[Saved data entries]

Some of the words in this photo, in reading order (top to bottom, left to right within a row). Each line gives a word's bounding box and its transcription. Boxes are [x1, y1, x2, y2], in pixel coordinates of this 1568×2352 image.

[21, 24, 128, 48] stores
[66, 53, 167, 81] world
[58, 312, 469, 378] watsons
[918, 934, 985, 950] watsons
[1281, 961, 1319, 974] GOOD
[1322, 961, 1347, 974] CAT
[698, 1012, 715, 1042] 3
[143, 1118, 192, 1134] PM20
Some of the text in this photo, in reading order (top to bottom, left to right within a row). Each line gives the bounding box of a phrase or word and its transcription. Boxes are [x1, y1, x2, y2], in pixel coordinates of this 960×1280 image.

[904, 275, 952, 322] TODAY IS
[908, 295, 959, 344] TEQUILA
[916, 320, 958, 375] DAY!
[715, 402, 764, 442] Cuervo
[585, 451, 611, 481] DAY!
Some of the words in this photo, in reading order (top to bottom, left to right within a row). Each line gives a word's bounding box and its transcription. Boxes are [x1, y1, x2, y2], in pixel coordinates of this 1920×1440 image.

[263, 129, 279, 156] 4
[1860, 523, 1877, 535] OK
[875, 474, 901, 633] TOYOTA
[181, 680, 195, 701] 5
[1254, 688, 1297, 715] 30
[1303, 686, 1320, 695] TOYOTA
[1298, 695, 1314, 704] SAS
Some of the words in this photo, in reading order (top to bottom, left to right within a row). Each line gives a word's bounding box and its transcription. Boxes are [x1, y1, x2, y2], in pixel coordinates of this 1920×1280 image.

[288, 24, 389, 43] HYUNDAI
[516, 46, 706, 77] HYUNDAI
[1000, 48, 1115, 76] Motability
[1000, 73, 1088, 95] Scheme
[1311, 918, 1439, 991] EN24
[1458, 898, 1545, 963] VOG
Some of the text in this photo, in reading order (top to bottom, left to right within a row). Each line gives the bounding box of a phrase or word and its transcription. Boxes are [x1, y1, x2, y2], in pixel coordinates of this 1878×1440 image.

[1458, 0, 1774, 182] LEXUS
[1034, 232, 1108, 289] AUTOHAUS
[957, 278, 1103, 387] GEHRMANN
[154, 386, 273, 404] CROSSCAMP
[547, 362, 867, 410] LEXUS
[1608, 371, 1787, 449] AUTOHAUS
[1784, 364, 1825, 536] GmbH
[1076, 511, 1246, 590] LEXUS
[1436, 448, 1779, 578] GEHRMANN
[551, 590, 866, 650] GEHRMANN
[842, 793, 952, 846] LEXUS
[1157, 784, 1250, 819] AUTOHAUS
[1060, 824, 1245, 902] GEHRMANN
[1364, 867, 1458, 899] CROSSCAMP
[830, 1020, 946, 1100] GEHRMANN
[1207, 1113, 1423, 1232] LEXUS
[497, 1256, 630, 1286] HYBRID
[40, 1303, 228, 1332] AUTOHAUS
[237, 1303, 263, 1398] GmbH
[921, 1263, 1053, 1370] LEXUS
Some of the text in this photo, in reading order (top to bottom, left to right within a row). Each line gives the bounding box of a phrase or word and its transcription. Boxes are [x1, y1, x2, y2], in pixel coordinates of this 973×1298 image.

GOAL OF THE EXERCISE ->
Write down every entry exactly.

ANSWER TO THIS TASK ->
Some of the words in this photo, in reading order (top to bottom, left to right within a row). Each line gives a word's bounding box and its transcription. Boxes are [x1, y1, x2, y2], in pixel coordinates of this 1568×2352 image.

[21, 24, 128, 48] stores
[66, 53, 167, 81] world
[58, 312, 469, 378] watsons
[918, 934, 985, 950] watsons
[1281, 961, 1319, 974] GOOD
[1322, 961, 1347, 974] CAT
[698, 1012, 715, 1042] 3
[143, 1118, 192, 1134] PM20
Some of the text in this photo, in reading order (top to bottom, left to right within a row). Each line gives the bounding box of a phrase or word and its transcription. Boxes are [x1, y1, x2, y2], in pixel coordinates of this 960×1280 image.

[904, 275, 952, 322] TODAY IS
[908, 295, 959, 344] TEQUILA
[916, 320, 958, 375] DAY!
[715, 402, 764, 442] Cuervo
[585, 451, 611, 481] DAY!
Some of the words in this photo, in reading order (top to bottom, left to right within a row). Each line gives a word's bounding box and its transcription. Boxes are [x1, y1, x2, y2], in pixel coordinates of this 1920×1440 image.

[263, 129, 279, 156] 4
[1860, 523, 1877, 535] OK
[875, 474, 901, 633] TOYOTA
[181, 680, 195, 701] 5
[1254, 688, 1297, 715] 30
[1303, 686, 1320, 695] TOYOTA
[1298, 695, 1314, 704] SAS
Some of the words in this photo, in reading order (top to bottom, left to right within a row). Each line gives a word's bounding box and its transcription. Boxes are [x1, y1, x2, y2], in pixel coordinates of this 1920×1280 image.

[288, 24, 389, 43] HYUNDAI
[516, 46, 706, 77] HYUNDAI
[1000, 48, 1115, 76] Motability
[1000, 73, 1088, 95] Scheme
[1311, 918, 1439, 991] EN24
[1458, 898, 1545, 963] VOG
Some of the text in this photo, in reading order (top to bottom, left to right within a row). Each line gives the bounding box of a phrase or word and its transcription. Boxes are [x1, y1, x2, y2], in pixel coordinates of this 1878×1440 image.

[1458, 0, 1774, 182] LEXUS
[1034, 232, 1108, 289] AUTOHAUS
[957, 278, 1103, 387] GEHRMANN
[154, 386, 273, 404] CROSSCAMP
[547, 362, 867, 410] LEXUS
[1608, 371, 1787, 449] AUTOHAUS
[1784, 364, 1825, 536] GmbH
[1076, 511, 1246, 590] LEXUS
[1436, 448, 1779, 578] GEHRMANN
[551, 590, 866, 650] GEHRMANN
[842, 793, 952, 846] LEXUS
[1157, 784, 1250, 819] AUTOHAUS
[1060, 824, 1245, 902] GEHRMANN
[1364, 867, 1458, 899] CROSSCAMP
[830, 1020, 946, 1100] GEHRMANN
[1207, 1113, 1423, 1232] LEXUS
[497, 1256, 630, 1286] HYBRID
[40, 1303, 228, 1332] AUTOHAUS
[237, 1303, 263, 1398] GmbH
[921, 1263, 1053, 1370] LEXUS
Some of the text in this photo, in reading order (top to bottom, left to right within a row). Each line gives the bounding box of a phrase or word and its transcription. Boxes are [x1, y1, x2, y2], in pixel coordinates of this 973×1298 image.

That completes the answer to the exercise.